Supplied data Start Marker
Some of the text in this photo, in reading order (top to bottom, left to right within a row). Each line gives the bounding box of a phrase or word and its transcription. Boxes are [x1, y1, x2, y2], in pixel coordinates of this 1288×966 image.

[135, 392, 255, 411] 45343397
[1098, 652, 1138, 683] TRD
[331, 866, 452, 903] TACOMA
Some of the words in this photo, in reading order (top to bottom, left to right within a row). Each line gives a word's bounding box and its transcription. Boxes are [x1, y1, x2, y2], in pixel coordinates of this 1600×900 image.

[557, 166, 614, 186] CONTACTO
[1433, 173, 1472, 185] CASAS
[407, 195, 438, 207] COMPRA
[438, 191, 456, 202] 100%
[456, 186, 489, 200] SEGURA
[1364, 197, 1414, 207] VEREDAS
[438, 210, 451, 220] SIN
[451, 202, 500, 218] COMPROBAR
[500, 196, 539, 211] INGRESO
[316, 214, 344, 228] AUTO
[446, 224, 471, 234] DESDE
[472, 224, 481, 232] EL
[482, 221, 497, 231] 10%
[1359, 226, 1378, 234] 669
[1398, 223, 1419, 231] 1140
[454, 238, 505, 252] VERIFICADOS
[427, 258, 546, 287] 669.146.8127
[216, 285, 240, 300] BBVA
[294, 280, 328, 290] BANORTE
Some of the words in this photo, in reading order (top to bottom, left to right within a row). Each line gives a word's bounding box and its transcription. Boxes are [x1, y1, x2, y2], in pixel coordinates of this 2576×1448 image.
Supplied data End Marker
▸ Work instruction
Only the lines from the one with "this 1600×900 image." to the end of the entries above belong in your answer. Retype them exactly.

▸ Completed task
Some of the words in this photo, in reading order (top to bottom, left to right within a row). Each line gives a word's bounding box and its transcription. Boxes are [x1, y1, x2, y2], in pixel coordinates of this 1600×900 image.

[557, 166, 614, 186] CONTACTO
[1433, 173, 1472, 185] CASAS
[407, 195, 438, 207] COMPRA
[438, 191, 456, 202] 100%
[456, 186, 489, 200] SEGURA
[1364, 197, 1414, 207] VEREDAS
[438, 210, 451, 220] SIN
[451, 202, 500, 218] COMPROBAR
[500, 196, 539, 211] INGRESO
[316, 214, 344, 228] AUTO
[446, 224, 471, 234] DESDE
[472, 224, 481, 232] EL
[482, 221, 497, 231] 10%
[1359, 226, 1378, 234] 669
[1398, 223, 1419, 231] 1140
[454, 238, 505, 252] VERIFICADOS
[427, 258, 546, 287] 669.146.8127
[216, 285, 240, 300] BBVA
[294, 280, 328, 290] BANORTE
Some of the words in this photo, in reading order (top to bottom, left to right within a row). Each line gives a word's bounding box and its transcription. Boxes are [x1, y1, x2, y2], in pixel coordinates of this 2576×1448 image.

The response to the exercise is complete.